Call them the Ilya-delphia Flyers.

That's what some fans were suggesting Wednesday after hotshot goalie Ilya Bryzgalov, whose rights the Flyers acquired the previous day from the Phoenix Coyotes, said he wanted to play for the Orange and Black.

Now it's up to general manager Paul Holmgren and Bryzgalov's agent, Ritch Winter, to work out the costly details. The Flyers hope to sign Bryzgalov before he hits the free-agent market on July 1.

"I am pleased the Flyers thought enough of me to make the trade with the Coyotes," Bryzgalov said in a statement. "Philadelphia is a great city, a great organization, and a great team with a rich history. I am looking forward to meeting with Paul Holmgren to discuss the possibility of us working together for many years to come."

Holmgren was tied up in the general managers' meetings in Boston on Wednesday and said he planned to talk with Winter on Thursday.

Asked if Bryzgalov would accept a deal for less than four years, Winter said he would not negotiate through the media.

Holmgren implied that the length of the contract would not be a stumbling block.

"We want to get some kind of deal done," he said. "I'm not sure we have any preference, really, [on the length]. We have to see what the other side wants to do and try to come to agreement. I'm open-minded. Obviously, at the end of the day we want to sign him."

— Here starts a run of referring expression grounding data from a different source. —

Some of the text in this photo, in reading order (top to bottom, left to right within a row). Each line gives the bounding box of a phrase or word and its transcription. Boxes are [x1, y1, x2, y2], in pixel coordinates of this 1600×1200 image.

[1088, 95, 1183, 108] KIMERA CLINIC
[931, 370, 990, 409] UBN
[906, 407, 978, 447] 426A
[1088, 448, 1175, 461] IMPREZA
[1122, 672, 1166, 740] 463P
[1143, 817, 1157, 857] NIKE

Bryzgalov, an outgoing, colorful sort who is a student of Philadelphia history - he enjoys reading about Ben Franklin - said he would "very much like to have the opportunity to play for the Flyers."

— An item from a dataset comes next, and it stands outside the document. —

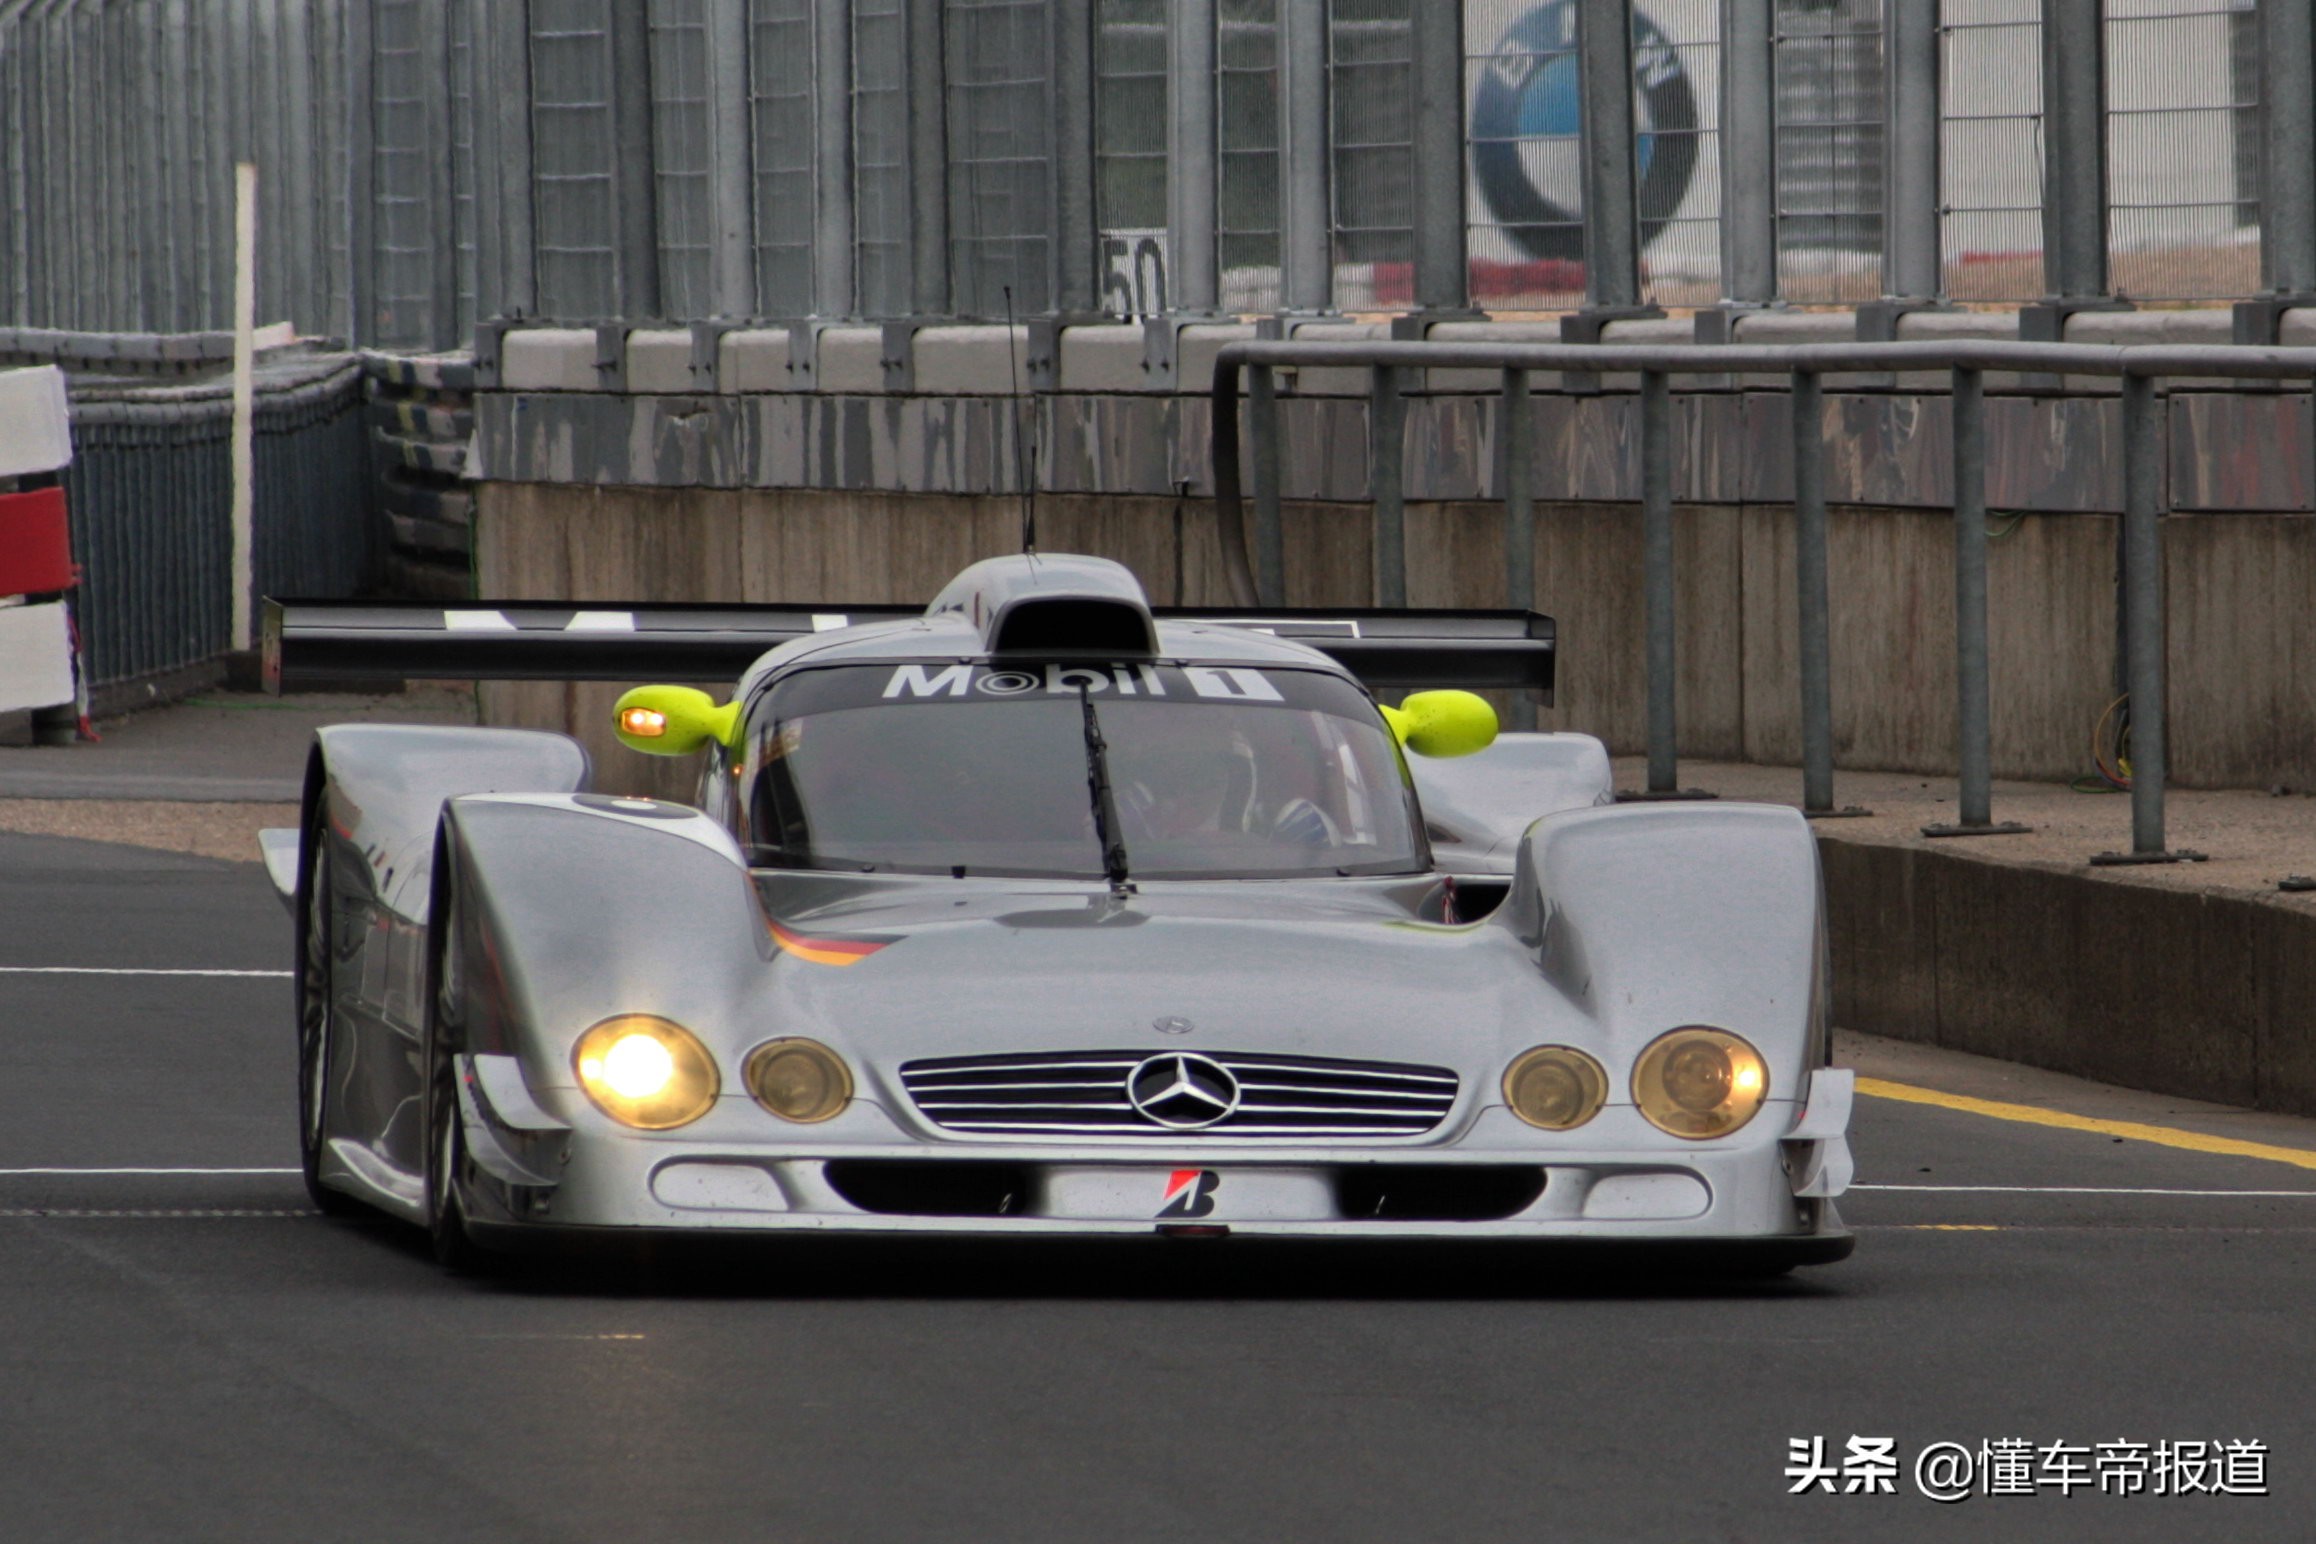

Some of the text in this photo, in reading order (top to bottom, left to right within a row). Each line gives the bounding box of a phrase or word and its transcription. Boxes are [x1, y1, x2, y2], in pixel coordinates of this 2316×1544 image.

[1491, 4, 1681, 89] BW
[1103, 238, 1167, 323] 50
[882, 662, 1167, 699] Mobil

The Russian goalie, who turns 31 later this month, thinks the Flyers are close to winning their first championship since 1975, saying they are "right there."

"I would love very much to be a part of the team that brings the Stanley Cup back to Philadelphia," he said. "It would be a great honor. And it's time!"

But in order to land Bryzgalov, the Flyers will have to make several moves to fit him under the salary cap.

They might decide to part with a solid defenseman like Matt Carle (a $3.4 million cap hit), or perhaps deal a goal-scoring machine named Jeff Carter ($5.3 million). The latter move seems more unlikely, because Carter has averaged a little over 38 goals over the last three years, and he became more well-rounded this season.

Carter was the Flyers' leader among regular faceoff men (54.7 percent) and he finished at plus-27.

If Carter stays, the team probably will not sign winger Ville Leino if it is able to sign Bryzgalov.

Holmgren denied rumors that the Flyers are contemplating a deal that would send Carter to Columbus for winger Jakub Voracek and a first-round draft pick.

Over the last two seasons, Bryzgalov has 78 wins, tying Vancouver's Roberto Luongo for the most in the NHL during that span. And the 6-foot-3, 208-pounder has played for a Phoenix team whose defense isn't nearly as strong as the Flyers'.

Off the ice, Bryzgalov speaks fluent English and is an avid reader and an American history buff. He is also a student of hockey history, including the Flyers' - and knows how they have been longing for a marquee goalie.

Even if the Flyers and Bryzgalov agree to a deal, it likely won't be announced until July 1. After July 1, teams can exceed the cap - which is expected to climb from $59.4 million to at least 62.4 million after the season - by 10 percent for the summer.

That would give the Flyers more time to sort out which players they want to deal.